The AAA Gas Gauge estimated Sunday that gasoline price across the United States have dropped another 12 cents in the past week and could drop another 17 cents by Christmas according to AAA. Gasoline prices fell, following another drop in the price of crude oil, which has dropped by 41% since the end of 2013. At the end of last week, crude oil was trading for $57.49 a barrel.

The new drop in the price of crude oil unsettled stock markets and cut more than 300 points from the Dow Industrial average on Friday. The turmoil in the energy sector left shares on U.S. exchanges with their biggest weekly loss in 2.5 years last week.

A worldwide oversupply of petroleum has been blamed for the big drop in prices.

But Suhail Al-Mazrouei, the United Arab Emirates’ oil minister, reiterated over the weekend that Organization Petroleum Exporting Countries had no plans to reduce production.

“We are not going to change our minds because the prices went to $60 or to $40,” Suhail Al-Mazrouei, the United Arab Emirates’ oil minister said at the conference, according to Bloomberg. “We’re not targeting a price; the market will stabilize itself.”

OPEC said in November that it would keep production levels unchanged. Surging production and slower-than-expected demand have kept oil prices tumbling.
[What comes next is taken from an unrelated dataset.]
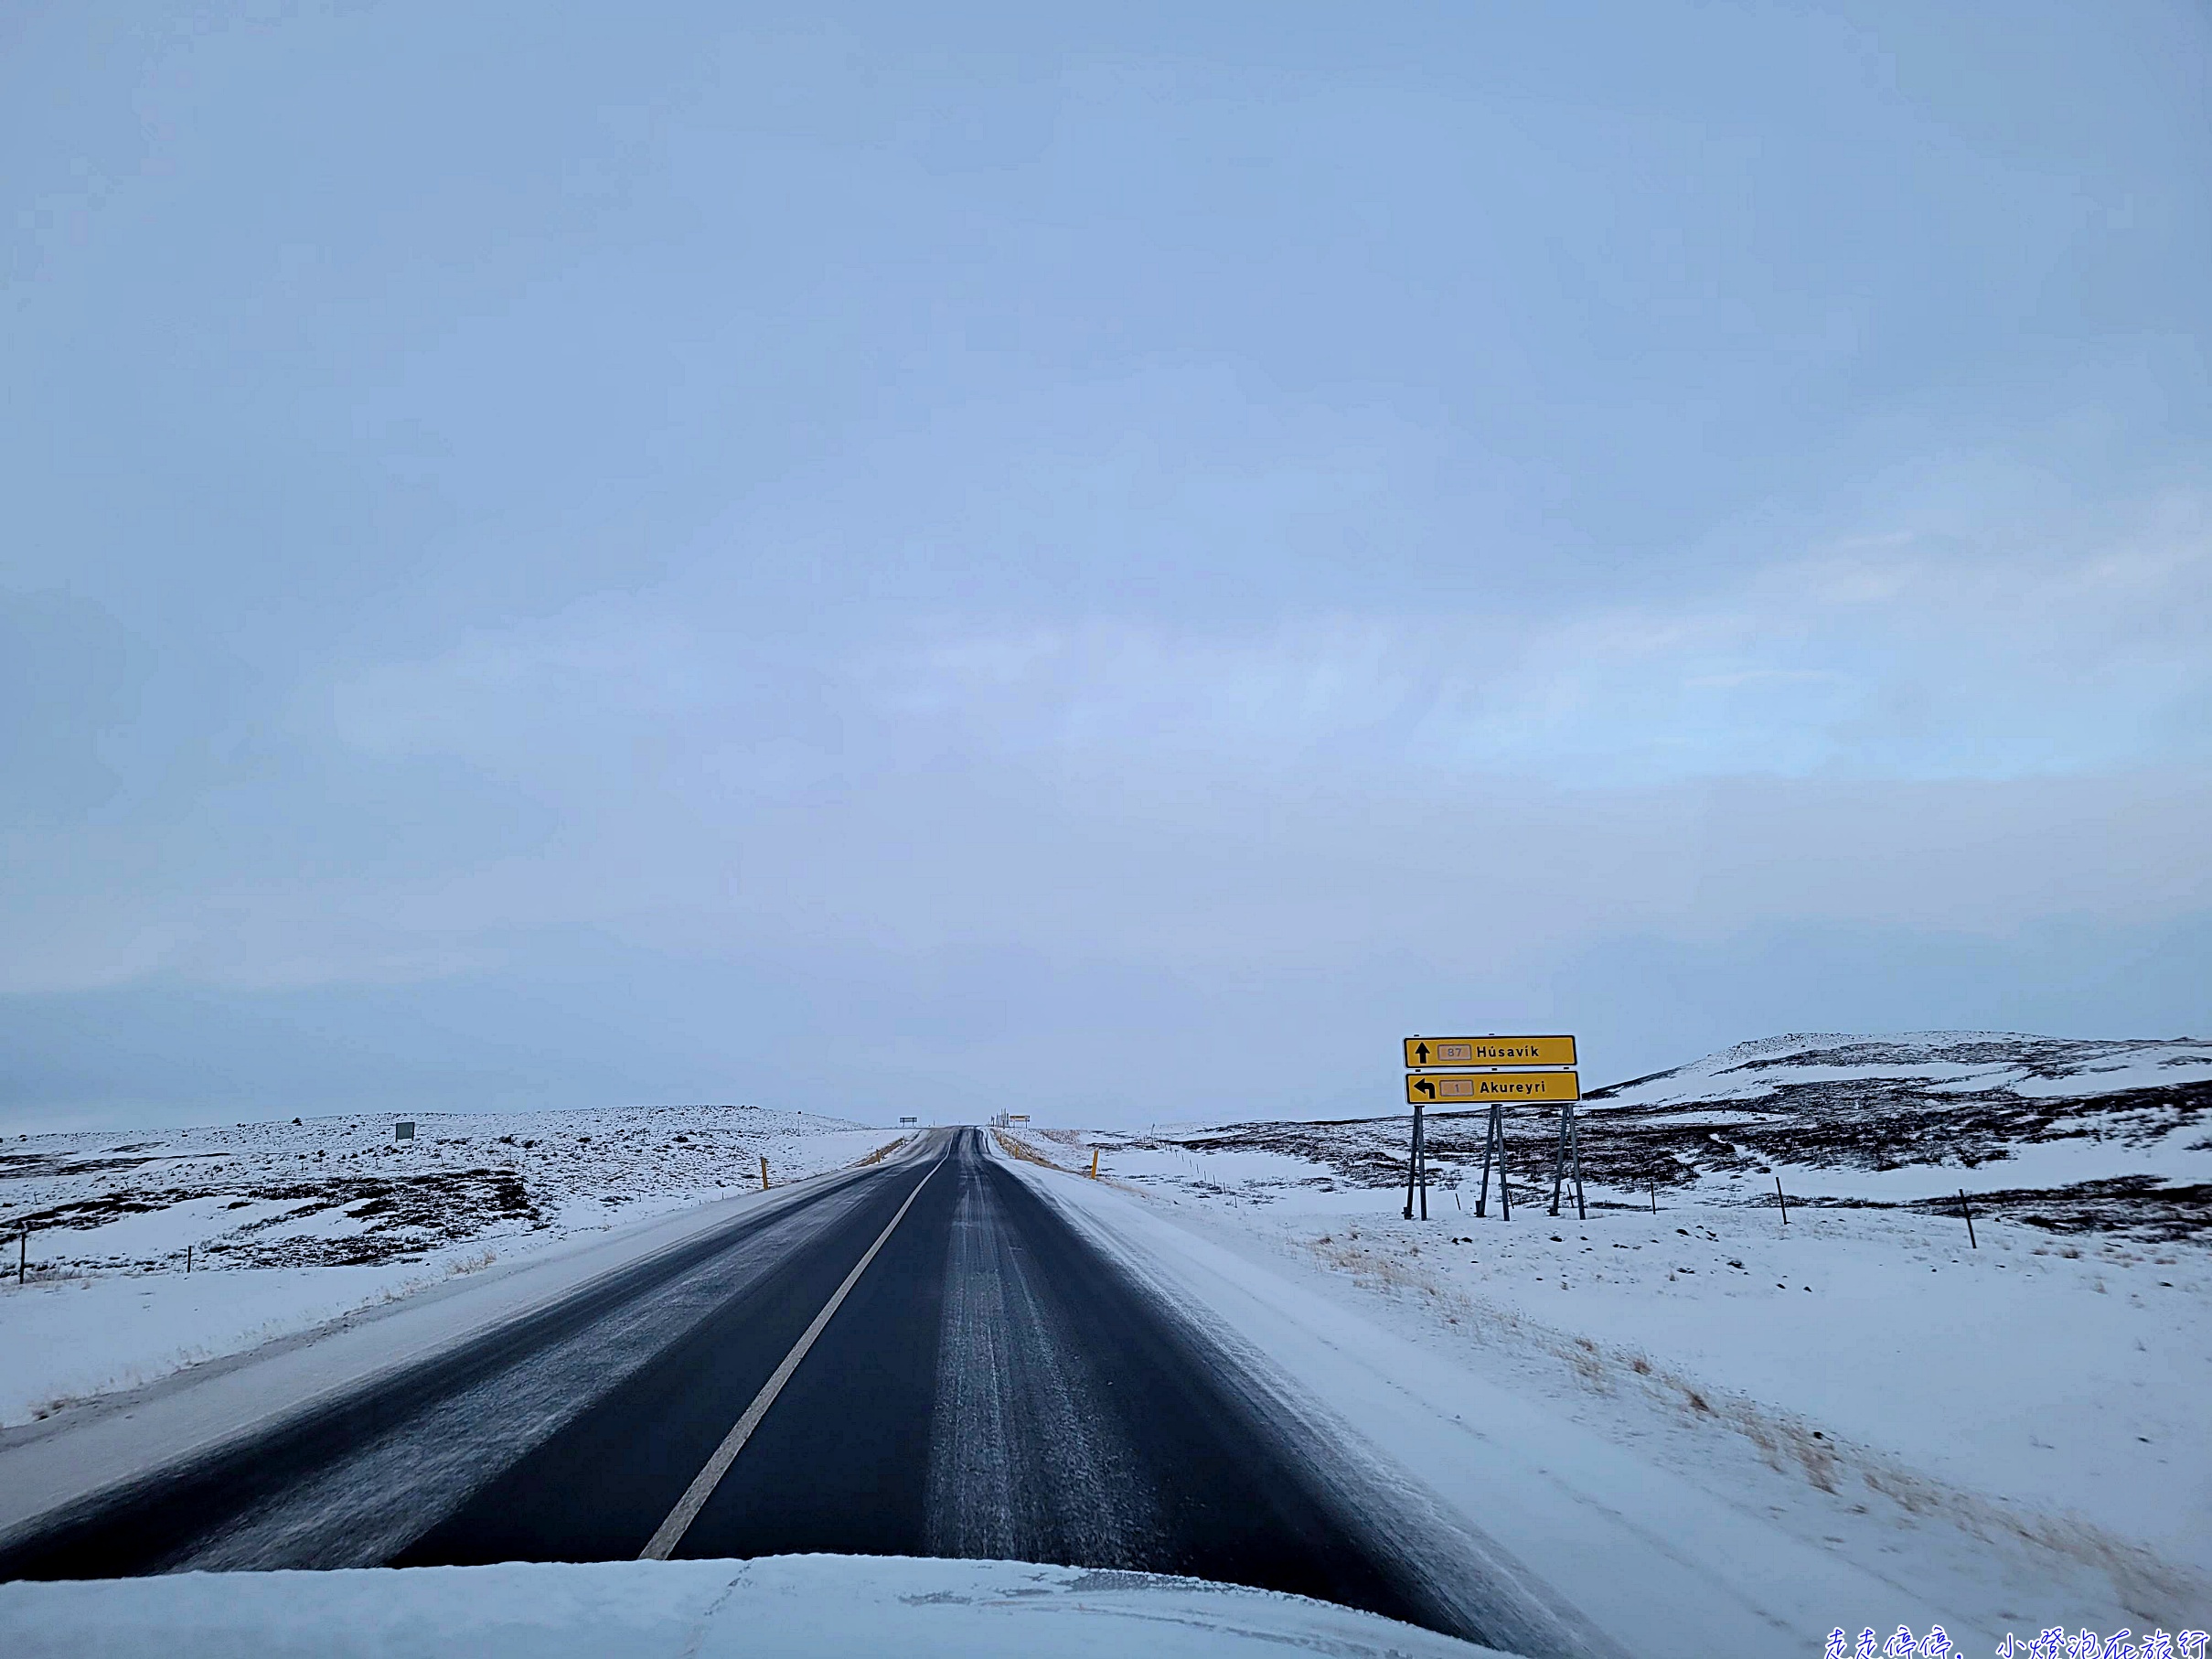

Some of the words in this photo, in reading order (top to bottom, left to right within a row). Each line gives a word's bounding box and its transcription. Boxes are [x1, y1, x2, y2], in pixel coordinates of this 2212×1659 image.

[1448, 1048, 1462, 1057] 87
[1477, 1045, 1539, 1057] Húsavík
[1480, 1081, 1545, 1096] Akureyri
Stock markets around the world have been unnerved by the plunge in oil prices, currently at their lowest levels in five years.

“Unlike in the past, when they have defended oil prices, they are defending market share,” said Stewart Glickman, group head for energy and materials equity research at S&P Capital IQ. “They are going to face more bloodletting with oil prices until other swing producers feel enough pain to stop drilling.”

(OPEC ensures fuel prices to remain low. For more, Click Here.)

Production of U.S. shale oil has made the United States the second-largest oil producer in the world. However, production of shale oil is more expensive than most other methods, and while the lower prices could reduce drilling in the shale oil areas of Texas and North Dakota in the future, they haven’t yet.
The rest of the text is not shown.